N’allez pas croire : elle se serait sûrement amusée quand même.

P.-S. — Le 26 août, @Doctorakgo recommandait la bande annonce de Shenley, le recueil de poèmes d’Alexandre Dostie (Éditions de l’Écrou, 2014). Retweetant son message, @reneaudet y ajoutait le mot-clic «#tchénssâ». Il y a de ça, et de la foire agricole.

 

 

 

Référence

Messier, William S., Dixie. Roman, Montréal, Marchand de feuilles, 2013, 157 p. Ill.

Notes de périple II

Suite du récit entrepris hier.

Trame onomastique

Une ferme qui s’appelle Philmardo ? Vraiment ?

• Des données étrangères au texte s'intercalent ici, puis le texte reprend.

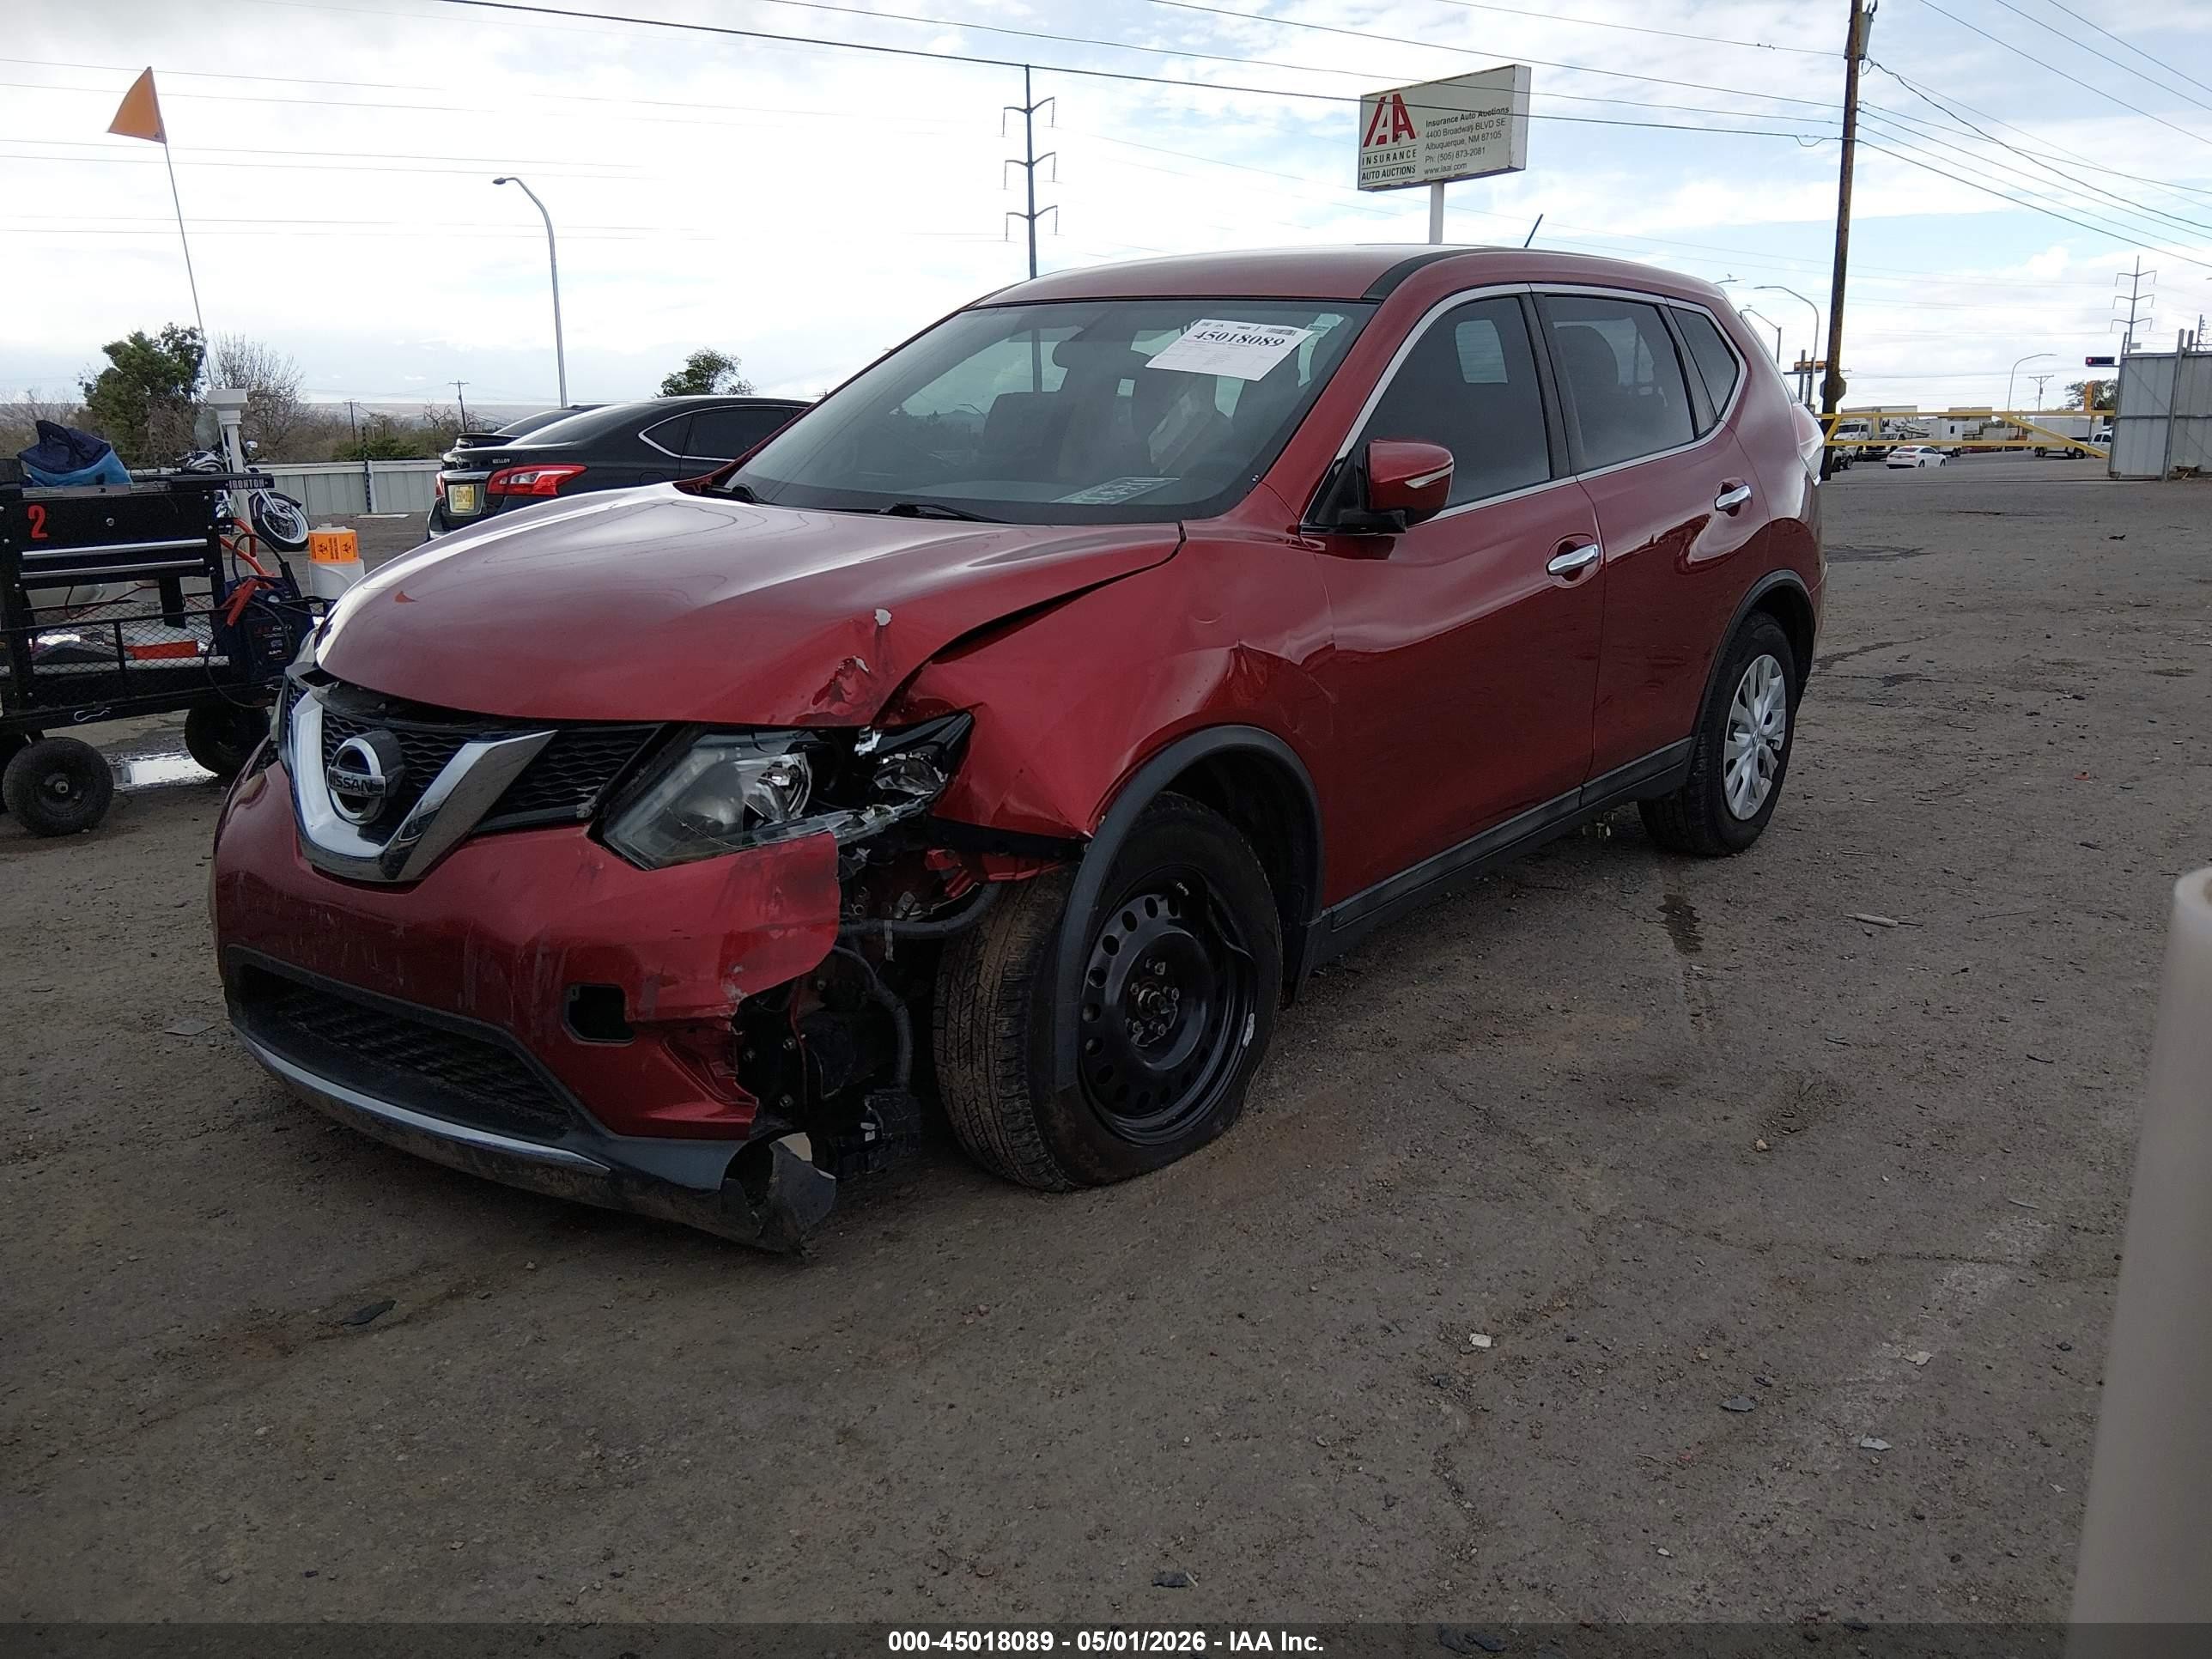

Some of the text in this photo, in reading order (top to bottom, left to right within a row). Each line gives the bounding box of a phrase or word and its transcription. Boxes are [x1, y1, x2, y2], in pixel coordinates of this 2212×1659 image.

[1425, 106, 1510, 128] Insurance Auto Auctions
[1425, 117, 1506, 139] 4400 Broadway BLVD SE
[1468, 134, 1480, 144] NM
[1480, 130, 1502, 142] 87105
[1362, 149, 1417, 166] INSURANCE
[1361, 164, 1416, 181] AUTO AUCTIONS
[1194, 331, 1285, 347] 45018089
[228, 477, 265, 489] IRONTON
[27, 505, 48, 539] 2
[330, 774, 374, 793] NISSAN
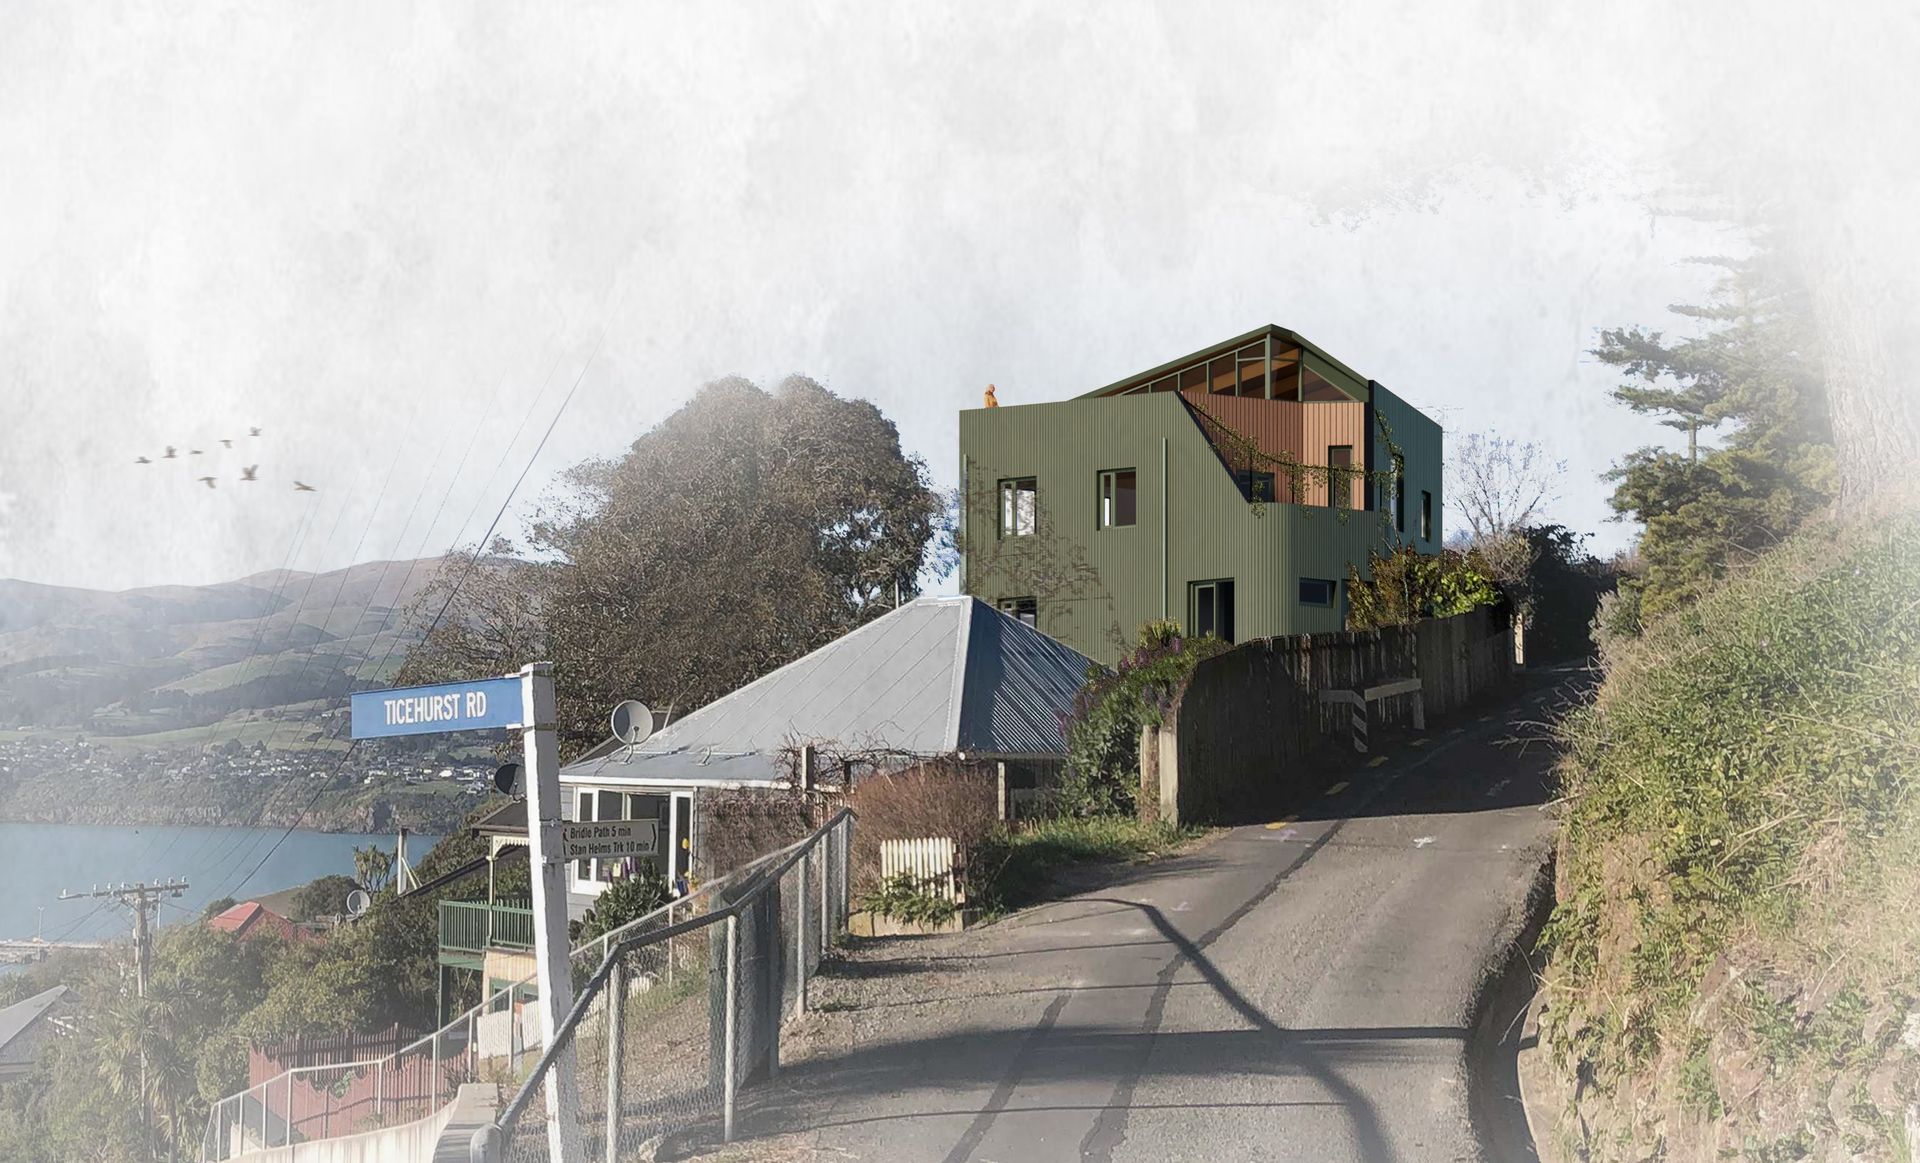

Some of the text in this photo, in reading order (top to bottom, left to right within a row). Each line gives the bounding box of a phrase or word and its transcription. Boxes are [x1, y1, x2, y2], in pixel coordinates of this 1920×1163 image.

[384, 691, 487, 725] TICEHURST RD
[570, 826, 632, 839] Bridle Path 5 min
[570, 840, 650, 856] Stan Helms Trk 10 min

À Coaticook, Moment Factory a créé Foresta Lumina. La langue abénaquise rencontre l’anglais et le latin. (Dans un ordre d’idées différent : le «tableau» final de cette création était fabuleux.)

Foresta Lumina, Coaticook, Québec, août 2014

Trame lexicale

Devant telle affiche, l’Oreille perd les siens.

Repère ou repaire ? (Coaticook, Québec, août 2014)

Trame poétique

Poésie syndicale :

Le gouvernement a aucune ouverture
I va comme un bulldozure
(Yves Francœur, Radio-Canada, 21 août)

Poésie banlieusarde (le long de l’autoroute 10, juste à l’extérieur de Montréal, ces trois œuvres) :

4-5-0
Boulot
Apéro

Maison
Réunion
Sans
Juron

Prospère
Repaire
D’affaires

Trame sonore

Ah ! le calme de la campagne ! Pour résumer (au risque de quelques oublis) : hors-bord, tondeuse, tchén’ssâ, marteau, voisins, cloueuse et son compresseur, taille-bordures, rétrocaveuse, enfants («Ah ! J’ai du sable dans les fesses !»). La sainte paix, quoi.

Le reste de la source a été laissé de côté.